People readily follow personal advice from AI but it does not improve their well-being
Pith reviewed 2026-05-17 21:07 UTC · model grok-4.3
The pith
People follow personal advice from AI chatbots at high rates but gain no sustained well-being benefits.
A machine-rendered reading of the paper's core claim, the machinery that carries it, and where it could break.
Core claim
In a longitudinal randomised controlled trial with a representative UK sample of 6,474 participants, up to 79% of those who discussed personal topics with AI chatbots reported following the advice, with rates remaining above 60% even for high-stakes recommendations.
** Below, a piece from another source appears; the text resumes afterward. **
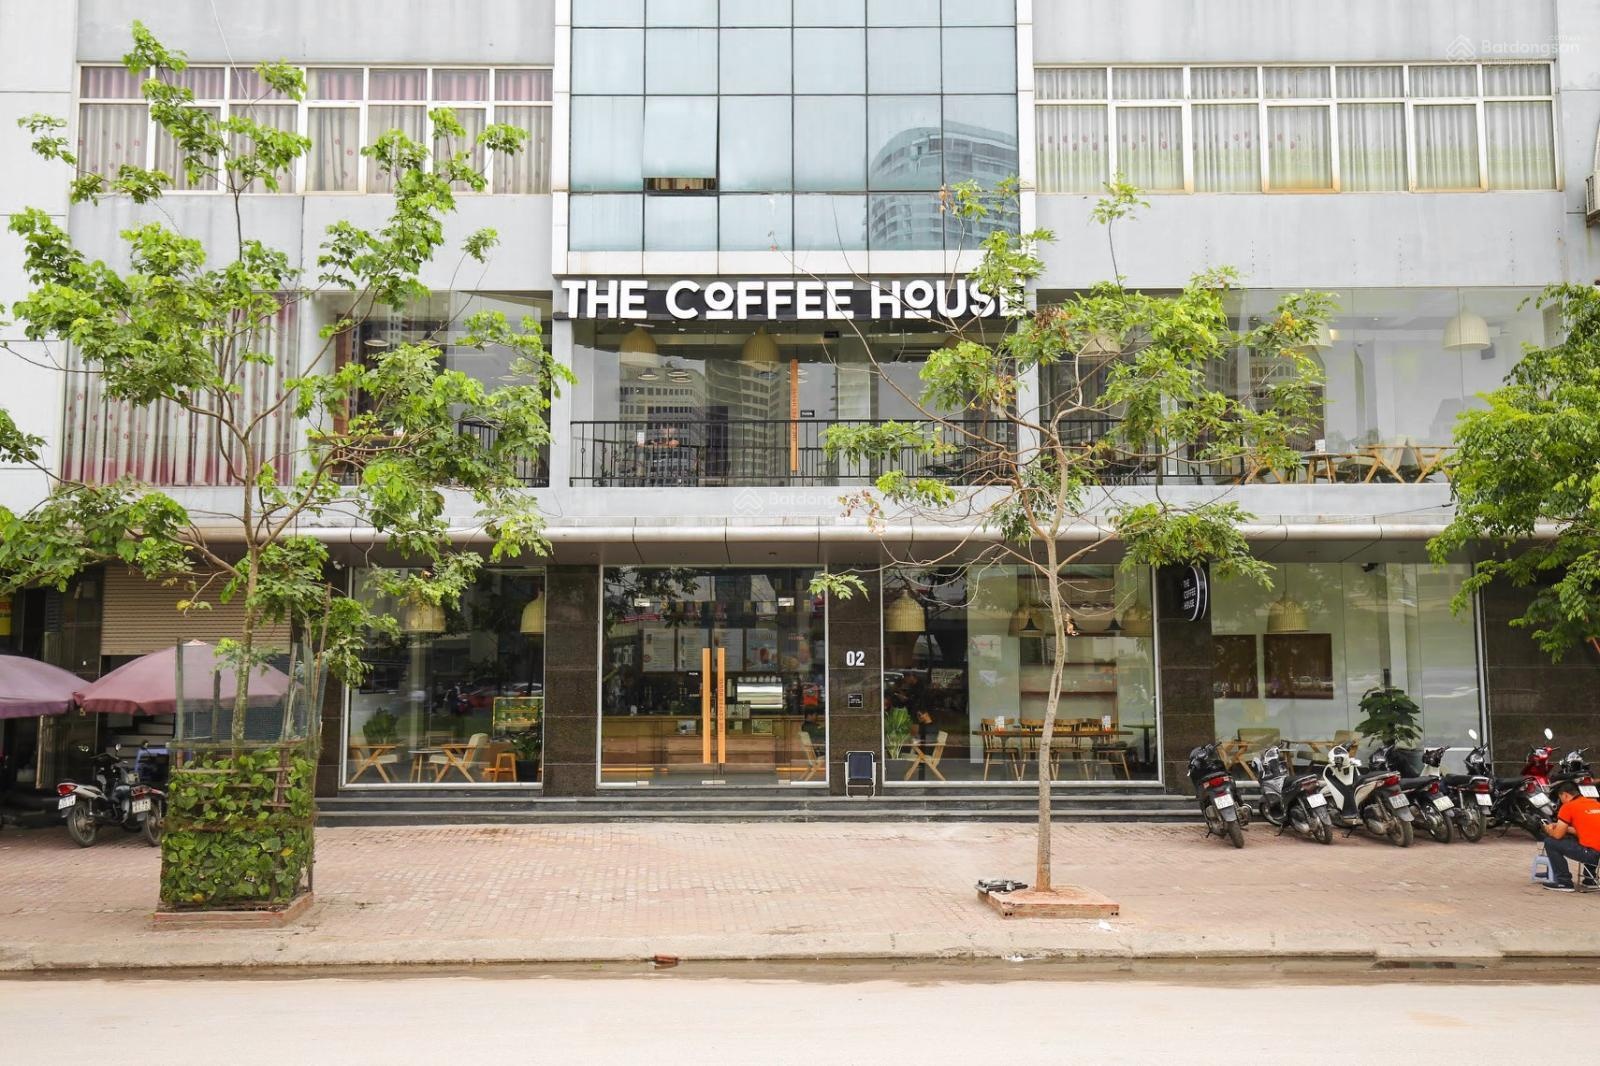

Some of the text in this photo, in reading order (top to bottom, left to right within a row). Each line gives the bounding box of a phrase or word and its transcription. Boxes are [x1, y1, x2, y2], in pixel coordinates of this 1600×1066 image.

[564, 280, 648, 320] THE
[665, 280, 854, 320] COFFEE
[846, 651, 865, 667] 02
The advice itself rarely violated safety best practices according to transcript evaluations. However, participants who received personal advice showed no sustained well-being benefits 2-3 weeks later compared to those who discussed hobbies and interests with the same chatbots.
What carries the argument
The randomised controlled trial that compares self-reported adherence to AI personal advice against a hobby-discussion control, with well-being tracked via scales after 2-3 weeks.
If this is right
- AI chatbots can substantially shape users' real-world personal decisions across health, career, and relationship domains.
- Reliance on AI advice shows weak calibration to the potential consequences of following it.
- Consumer LLMs provide advice that generally aligns with safety best practices.
- Short-term interactions with AI for personal advice do not produce measurable improvements in psychological well-being.
Where Pith is reading between the lines
- Repeated or extended conversations with AI might be required before any well-being effects appear.
- Objective records of behavior, such as actual health or career metrics, could reveal effects hidden by self-reports.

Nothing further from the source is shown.